┌──
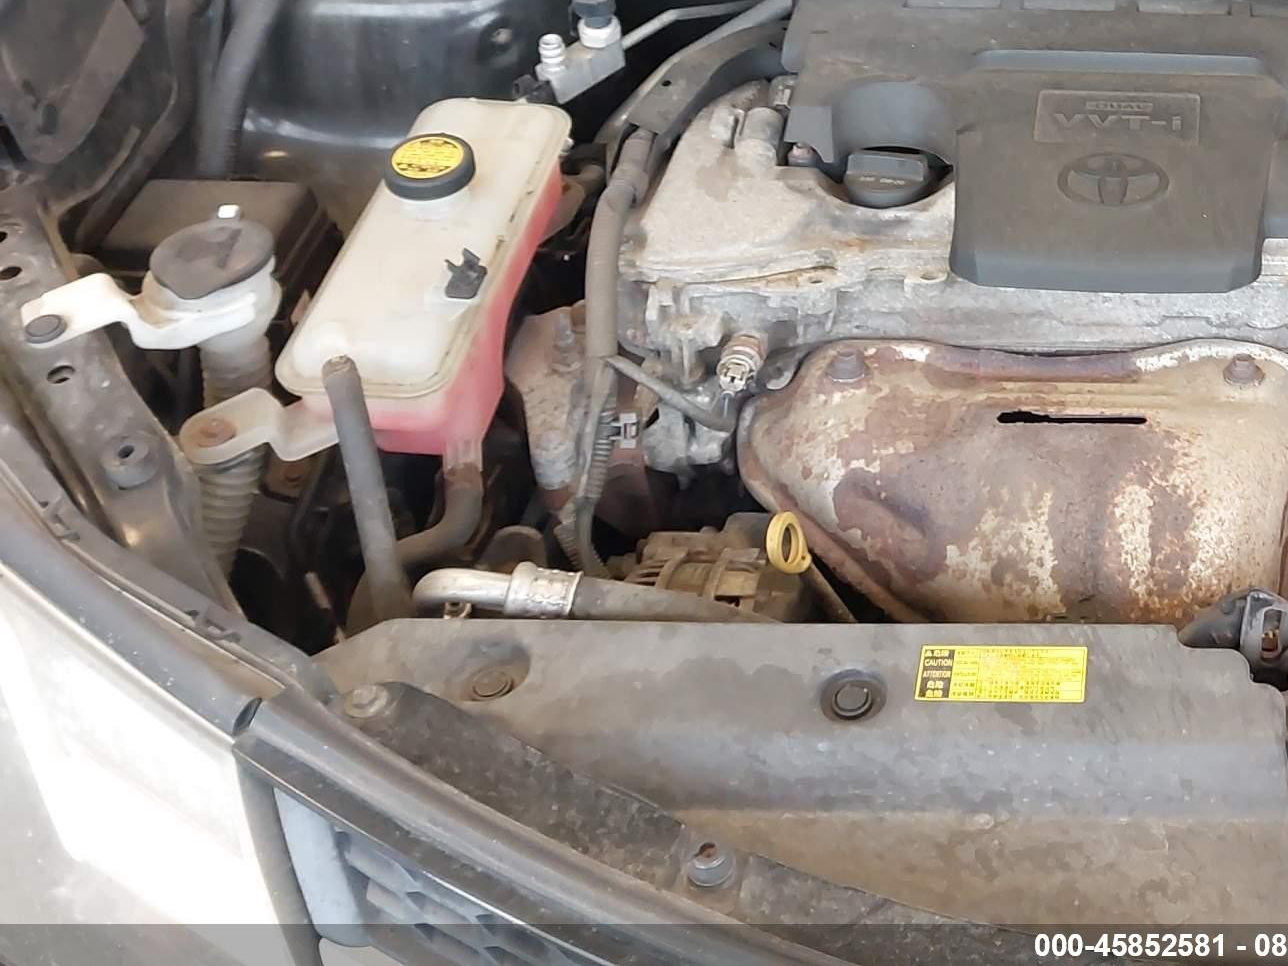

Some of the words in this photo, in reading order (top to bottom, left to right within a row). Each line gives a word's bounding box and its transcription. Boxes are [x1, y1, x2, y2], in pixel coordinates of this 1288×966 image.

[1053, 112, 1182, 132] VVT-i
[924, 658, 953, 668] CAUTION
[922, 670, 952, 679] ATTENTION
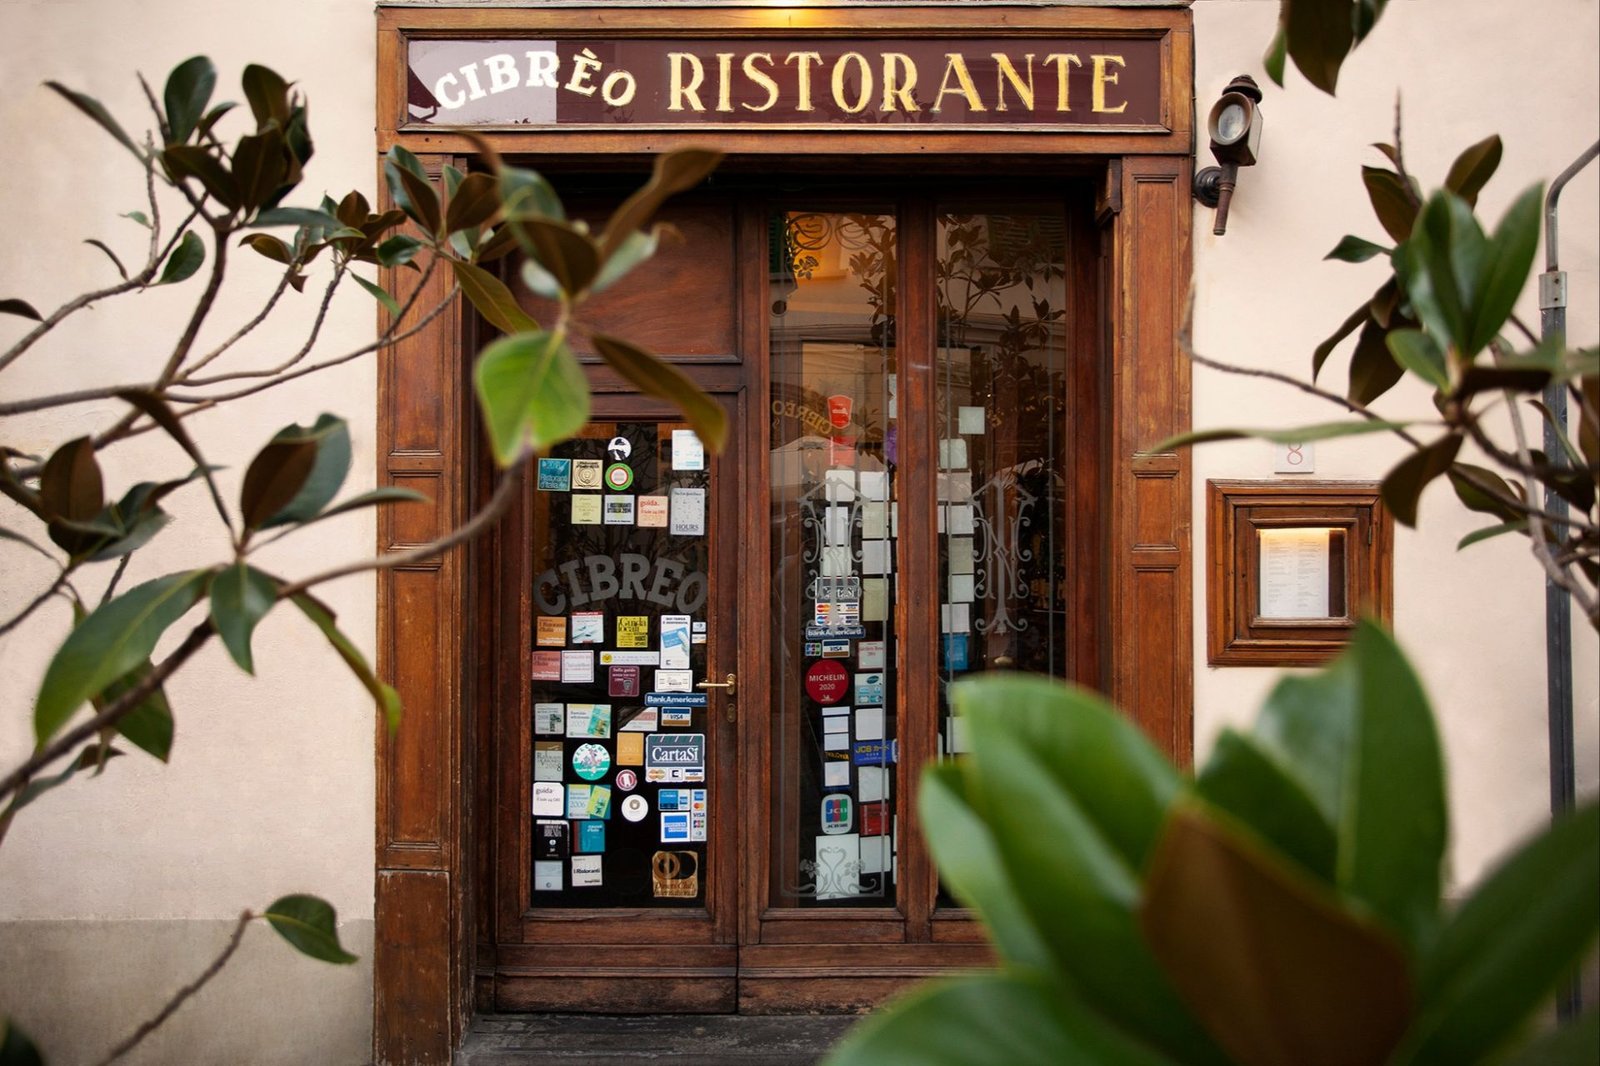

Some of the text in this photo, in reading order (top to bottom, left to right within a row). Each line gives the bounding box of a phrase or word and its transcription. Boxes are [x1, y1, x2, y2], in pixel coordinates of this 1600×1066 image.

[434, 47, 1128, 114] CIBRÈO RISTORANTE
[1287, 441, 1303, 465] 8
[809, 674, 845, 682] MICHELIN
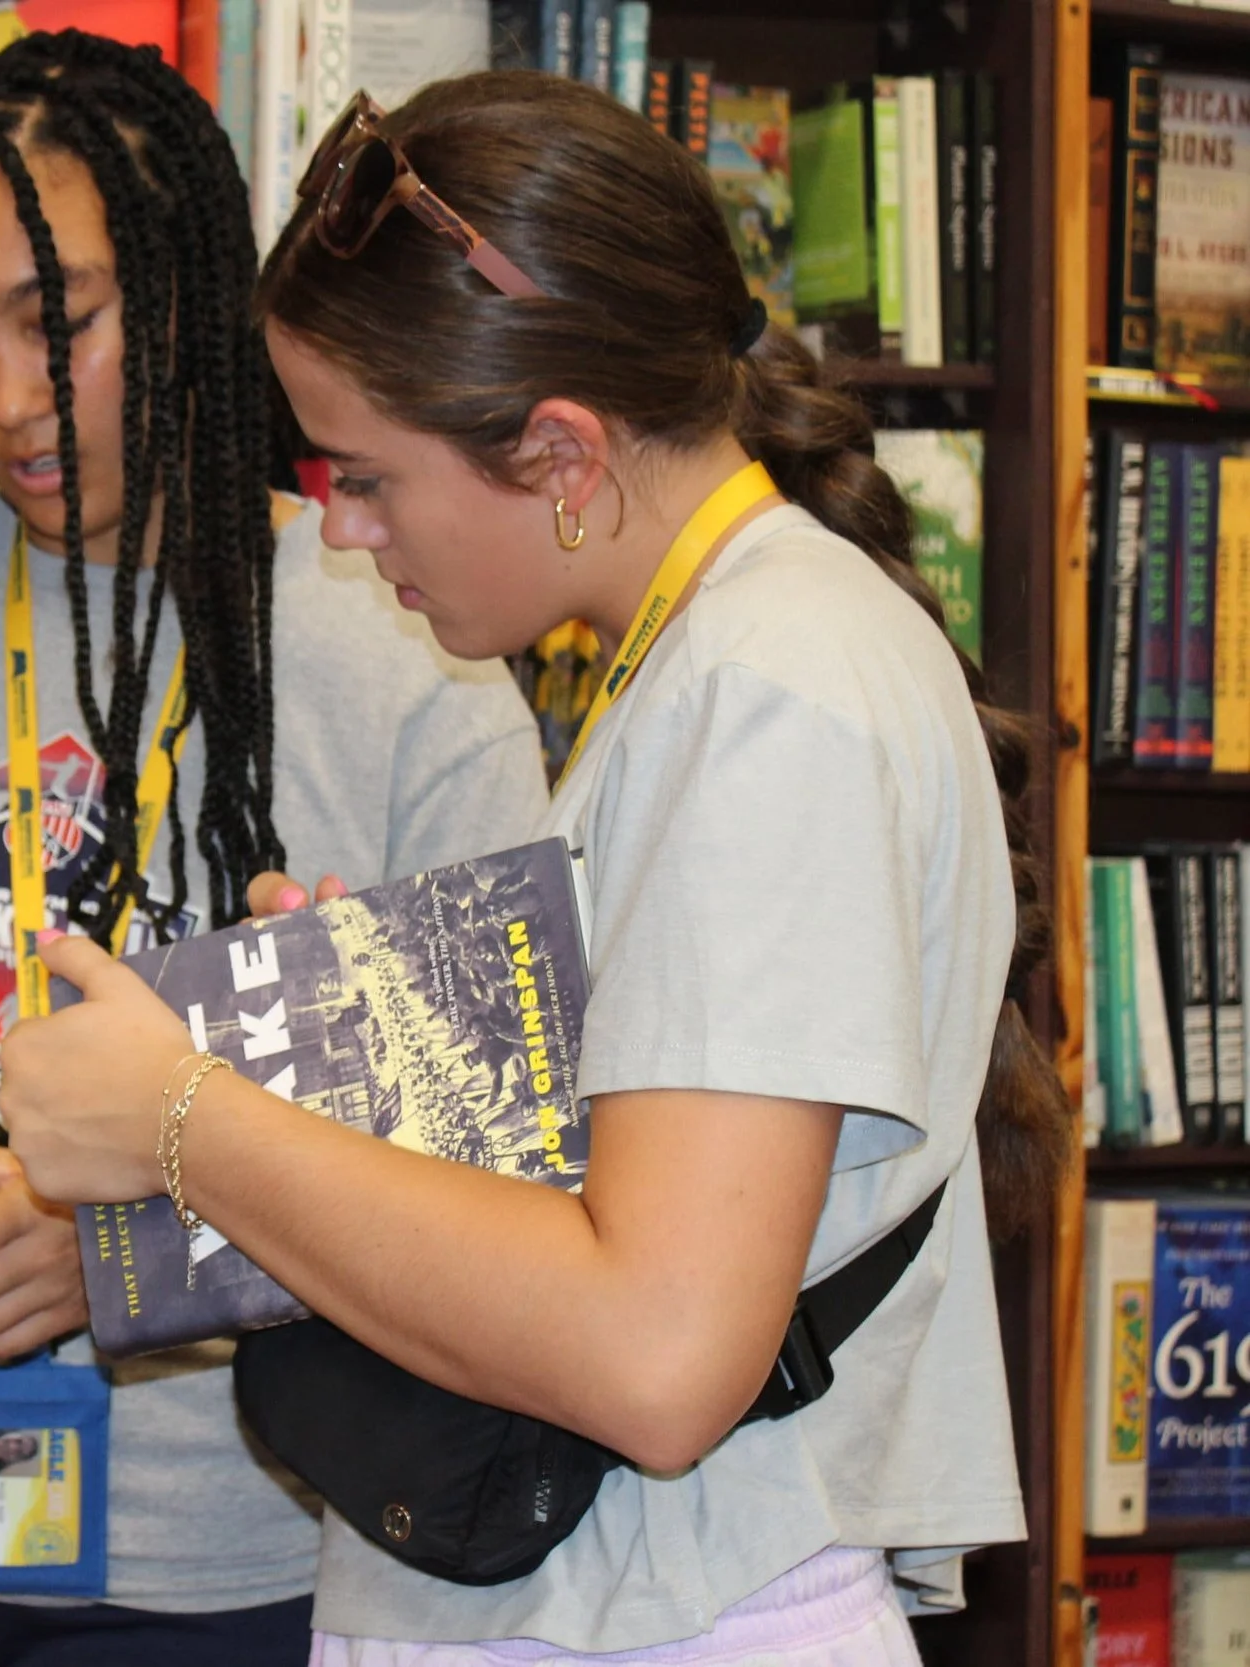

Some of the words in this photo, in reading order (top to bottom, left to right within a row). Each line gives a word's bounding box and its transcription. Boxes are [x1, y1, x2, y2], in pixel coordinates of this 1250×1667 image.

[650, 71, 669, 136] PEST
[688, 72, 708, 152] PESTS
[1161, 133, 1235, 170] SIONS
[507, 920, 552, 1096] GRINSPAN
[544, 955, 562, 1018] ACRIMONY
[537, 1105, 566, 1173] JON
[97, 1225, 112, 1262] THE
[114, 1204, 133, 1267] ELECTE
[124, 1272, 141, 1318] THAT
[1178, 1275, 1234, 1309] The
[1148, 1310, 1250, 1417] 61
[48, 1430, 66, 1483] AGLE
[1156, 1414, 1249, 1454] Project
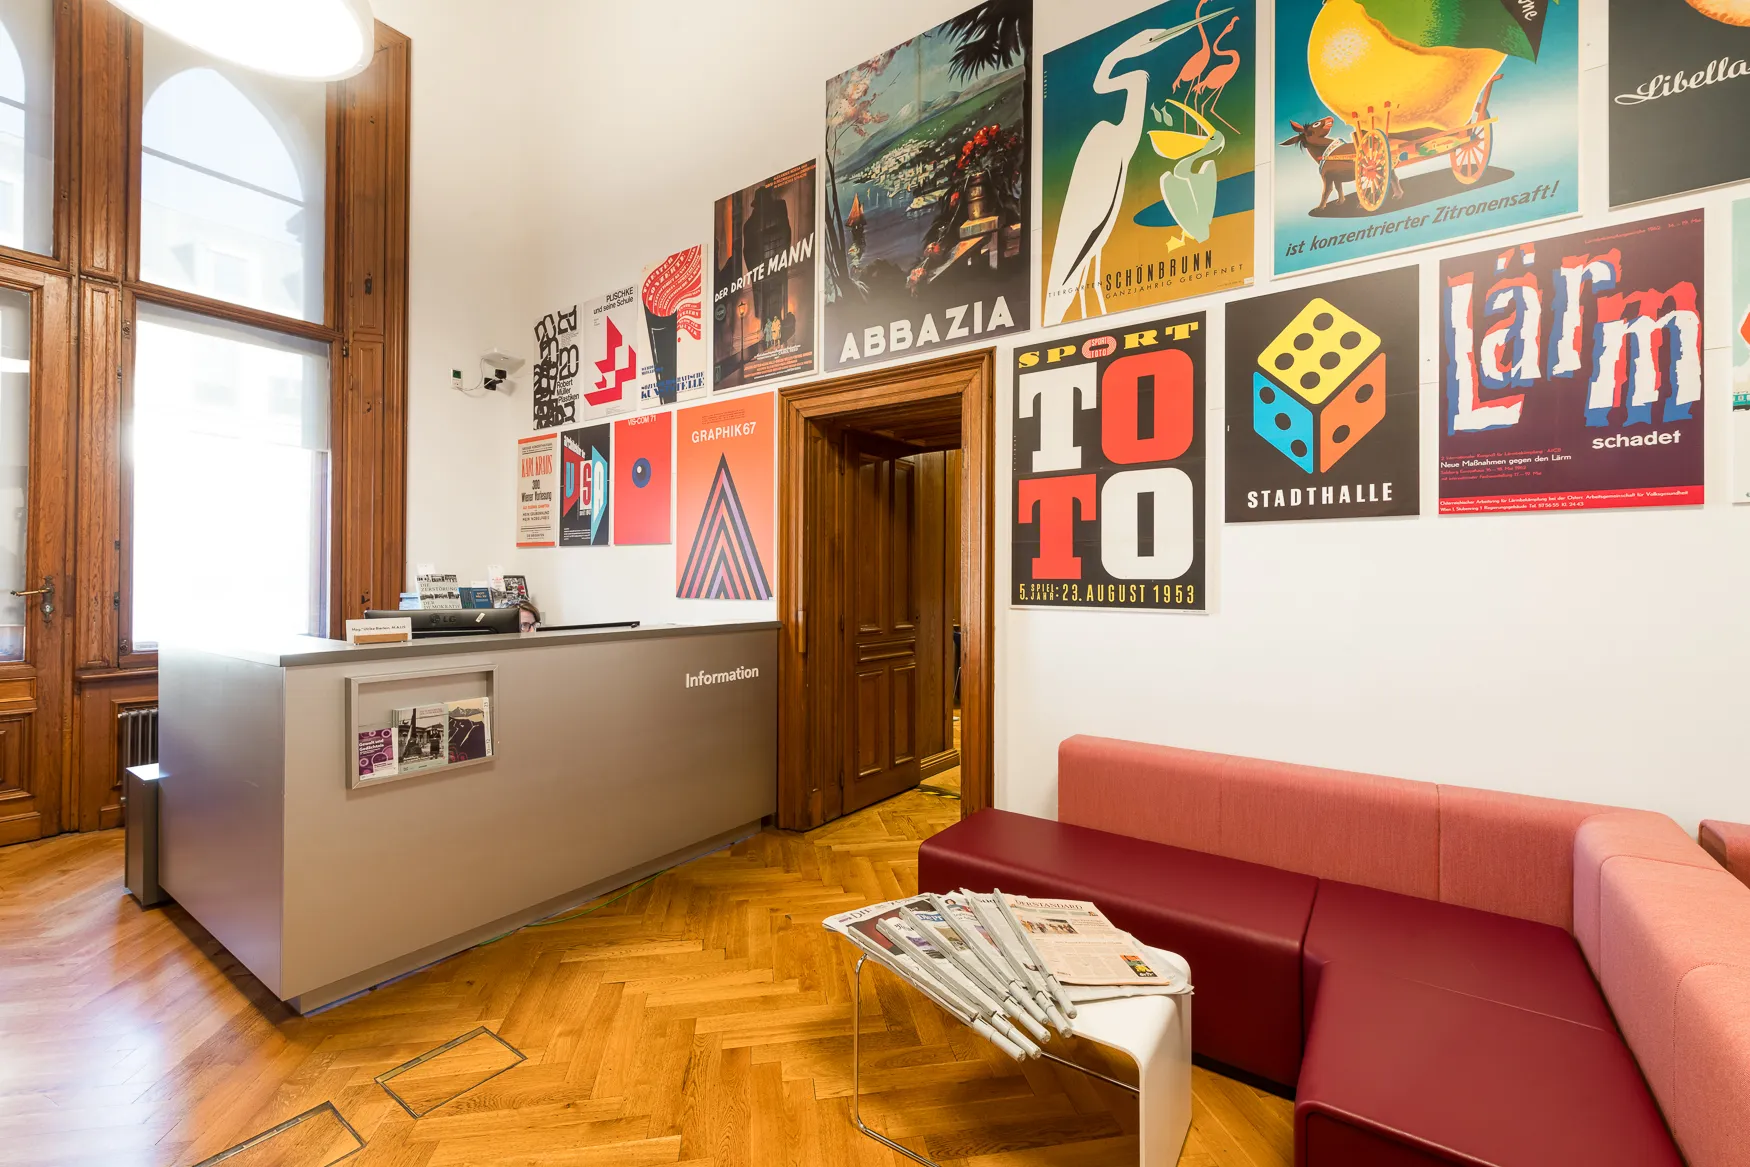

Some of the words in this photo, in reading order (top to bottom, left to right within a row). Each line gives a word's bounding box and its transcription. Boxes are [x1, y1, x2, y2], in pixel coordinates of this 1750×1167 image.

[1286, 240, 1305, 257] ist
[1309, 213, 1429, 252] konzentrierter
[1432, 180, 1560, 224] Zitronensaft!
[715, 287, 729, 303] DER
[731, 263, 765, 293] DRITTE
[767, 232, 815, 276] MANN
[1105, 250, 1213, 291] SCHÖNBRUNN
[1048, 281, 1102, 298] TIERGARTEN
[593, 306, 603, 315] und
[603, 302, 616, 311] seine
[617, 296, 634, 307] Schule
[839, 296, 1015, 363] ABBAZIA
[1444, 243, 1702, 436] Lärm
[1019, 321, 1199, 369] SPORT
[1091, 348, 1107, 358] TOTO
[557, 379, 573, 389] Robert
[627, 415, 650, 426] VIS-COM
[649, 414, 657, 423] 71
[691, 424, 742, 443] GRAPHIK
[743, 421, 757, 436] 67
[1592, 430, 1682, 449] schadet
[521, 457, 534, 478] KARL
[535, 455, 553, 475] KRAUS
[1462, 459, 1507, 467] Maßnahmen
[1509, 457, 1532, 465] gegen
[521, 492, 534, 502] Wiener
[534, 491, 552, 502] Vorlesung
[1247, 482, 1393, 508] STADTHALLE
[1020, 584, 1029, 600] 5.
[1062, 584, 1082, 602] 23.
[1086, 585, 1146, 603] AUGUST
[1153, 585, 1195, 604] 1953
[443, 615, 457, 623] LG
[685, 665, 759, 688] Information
└──
→ How to complete this task
Reproduce the records verbatim, omitting all images they contain.

→ Problem solution
Some of the words in this photo, in reading order (top to bottom, left to right within a row). Each line gives a word's bounding box and its transcription. Boxes are [x1, y1, x2, y2], in pixel coordinates of this 1288×966 image.

[1053, 112, 1182, 132] VVT-i
[924, 658, 953, 668] CAUTION
[922, 670, 952, 679] ATTENTION

Some of the text in this photo, in reading order (top to bottom, left to right within a row). Each line gives the bounding box of a phrase or word and its transcription. Boxes are [x1, y1, x2, y2], in pixel coordinates of this 1600×1066 image.

[434, 47, 1128, 114] CIBRÈO RISTORANTE
[1287, 441, 1303, 465] 8
[809, 674, 845, 682] MICHELIN

Some of the words in this photo, in reading order (top to bottom, left to right within a row). Each line gives a word's bounding box and its transcription. Boxes are [x1, y1, x2, y2], in pixel coordinates of this 1250×1667 image.

[650, 71, 669, 136] PEST
[688, 72, 708, 152] PESTS
[1161, 133, 1235, 170] SIONS
[507, 920, 552, 1096] GRINSPAN
[544, 955, 562, 1018] ACRIMONY
[537, 1105, 566, 1173] JON
[97, 1225, 112, 1262] THE
[114, 1204, 133, 1267] ELECTE
[124, 1272, 141, 1318] THAT
[1178, 1275, 1234, 1309] The
[1148, 1310, 1250, 1417] 61
[48, 1430, 66, 1483] AGLE
[1156, 1414, 1249, 1454] Project

Some of the words in this photo, in reading order (top to bottom, left to right within a row). Each line gives a word's bounding box and its transcription. Boxes are [x1, y1, x2, y2], in pixel coordinates of this 1750×1167 image.

[1286, 240, 1305, 257] ist
[1309, 213, 1429, 252] konzentrierter
[1432, 180, 1560, 224] Zitronensaft!
[715, 287, 729, 303] DER
[731, 263, 765, 293] DRITTE
[767, 232, 815, 276] MANN
[1105, 250, 1213, 291] SCHÖNBRUNN
[1048, 281, 1102, 298] TIERGARTEN
[593, 306, 603, 315] und
[603, 302, 616, 311] seine
[617, 296, 634, 307] Schule
[839, 296, 1015, 363] ABBAZIA
[1444, 243, 1702, 436] Lärm
[1019, 321, 1199, 369] SPORT
[1091, 348, 1107, 358] TOTO
[557, 379, 573, 389] Robert
[627, 415, 650, 426] VIS-COM
[649, 414, 657, 423] 71
[691, 424, 742, 443] GRAPHIK
[743, 421, 757, 436] 67
[1592, 430, 1682, 449] schadet
[521, 457, 534, 478] KARL
[535, 455, 553, 475] KRAUS
[1462, 459, 1507, 467] Maßnahmen
[1509, 457, 1532, 465] gegen
[521, 492, 534, 502] Wiener
[534, 491, 552, 502] Vorlesung
[1247, 482, 1393, 508] STADTHALLE
[1020, 584, 1029, 600] 5.
[1062, 584, 1082, 602] 23.
[1086, 585, 1146, 603] AUGUST
[1153, 585, 1195, 604] 1953
[443, 615, 457, 623] LG
[685, 665, 759, 688] Information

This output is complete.